Gnaphalon, Dyascorides says: many use its leaves for stuffing cushions, because they are white and soft, and so forth.


The original Greek text can be found in De material medica 3, 117, ed. Wellmann (1907: II.128f), γναφαλλίου ... /gnaphallíou/ ... [[1]].
The source of Simon's quote is Dioscorides Longobardus, 3, 127, ed. Stadler (1899: 430 [[2]]): De gnafalion. Gnafalion, cujus folia multi pro tomento utuntur, quia alba sunt et molles.

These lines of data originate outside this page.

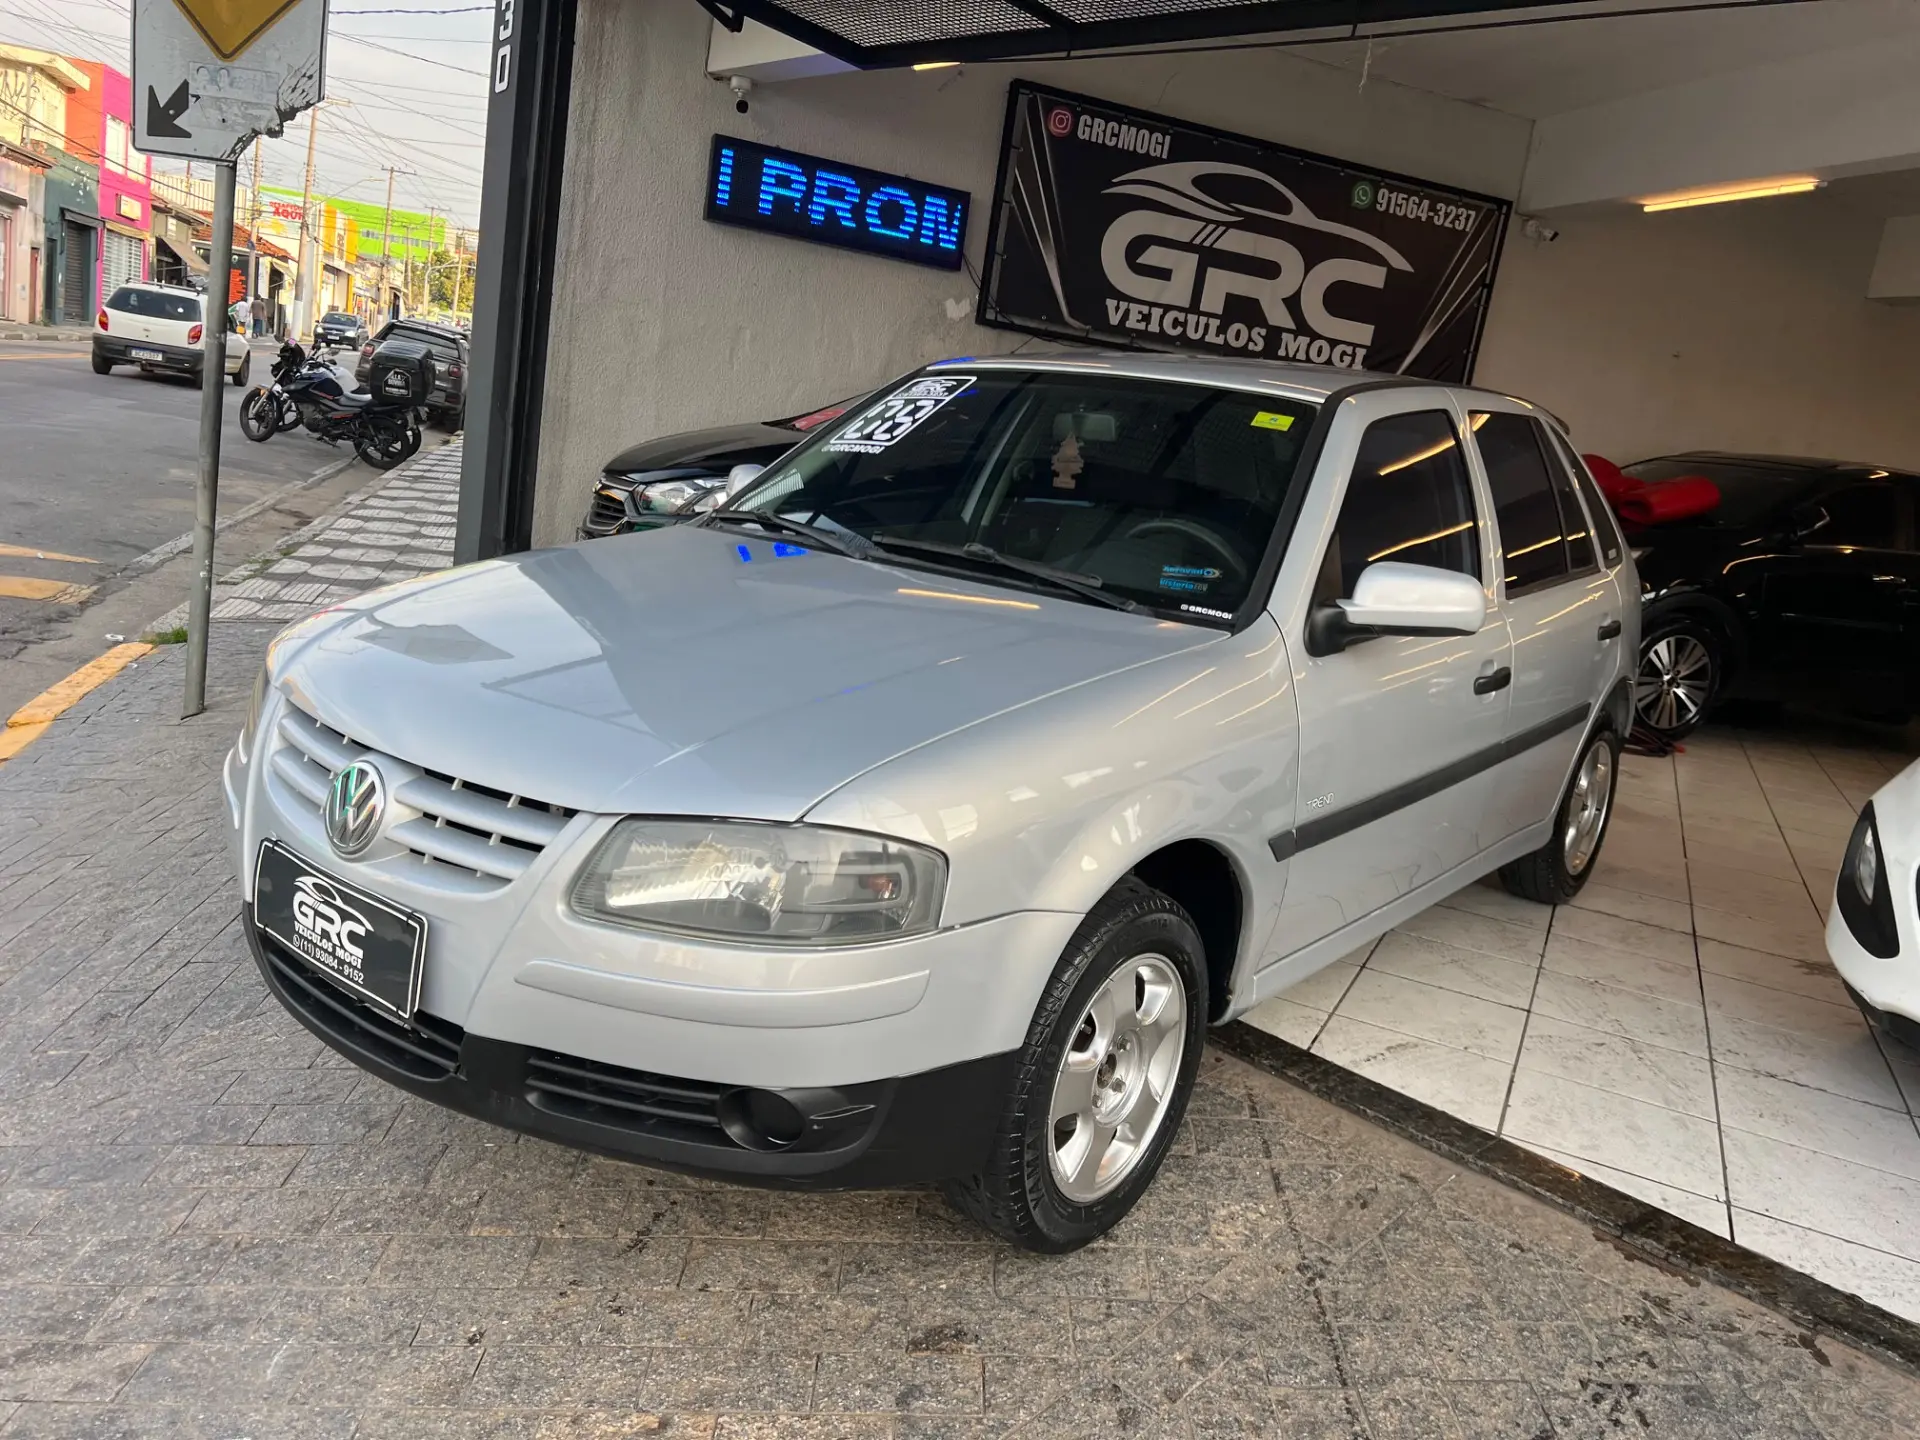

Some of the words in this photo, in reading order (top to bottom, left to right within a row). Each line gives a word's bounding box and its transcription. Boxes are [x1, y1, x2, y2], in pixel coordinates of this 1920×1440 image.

[1077, 114, 1172, 159] GRCMOGI
[1376, 188, 1476, 232] 91564-3237
[1100, 209, 1388, 346] GRC
[1105, 298, 1267, 352] VEICULOS
[1277, 332, 1367, 371] MOGI
[1306, 792, 1335, 810] TREND
[293, 891, 366, 960] GRC
[294, 920, 333, 953] VEICULOS
[336, 946, 362, 969] MOGI
[300, 939, 314, 957] (11)
[344, 965, 364, 984] 9152

It is worth comparing the two versions of the quote grammatically to see the difference between Vulgar Latin and Medieval Latin. The Dioscorides Longobardus version shows typical features of Vulgar Latin, anticipating developments in the Romance languages, e.g. folia multi utuntur "many use its leaves" with uti having the object in the accusative, rather than the ablative case as in classical Latin; also: folia … molles "soft leaves", where the adjective has a masc./fem. ending rather than neuter, foreshadowing the loss of the neuter gender. Moving on for nearly a millennium, someone in the transmission chain, if not Simon himself, tacitly "reclassicized" the utterance: foliis multi utuntur, folia … mollia. This is typical of Medieval Latin, which bookishly tried to return to the Latin of antiquity – at times imperfectly – imitating a perceived "better" Latin, while the Romance languages now went their own ways.

Greek γναφάλλιον /gnaphállion/ is derived from γνάφαλλον /gnáphallon/, variant: κνάφαλλον /knáphallon/ "a flock of wool", whose root is κνάπτω /knáptō/ meaning "to card or comb wool, dress or full cloth", hinting at one of the uses of its leaves.

Botanical identification:

Most authors agree that the plant - Latin: gnaphalion, gnaphalium, from Greek γναφάλλιον /gnaphállion/ is - Otanthus maritimus (L.) Hoffmanns. & Link "sea cotton-weed" [[3]], [[4]], which has had a chequered taxonomic history. Consequently it is known by a string of synonyms, e.g. Diotis maritima, D. candissima, Achillea maritima, Athanasia maritima and Santalina maritima. It is a perennial plant or semishrub, up to 30 cm. tall, its habitat being the sands by the sea. The plant is totally covered in a dense snowy-white pile of hairs. Its distribution is almost pan-European and around the Mediterranean region.

The word has survived into botanical Latin as Gnaphalium, used for a genus of flowering plants of the daisy family containing nearly 120 species often called "cudweeds". Some botanists seek to identify ancient 'gnaphalion' rather in this genus or in the genus Filago, both of which contain some species with white, soft, downy hairs.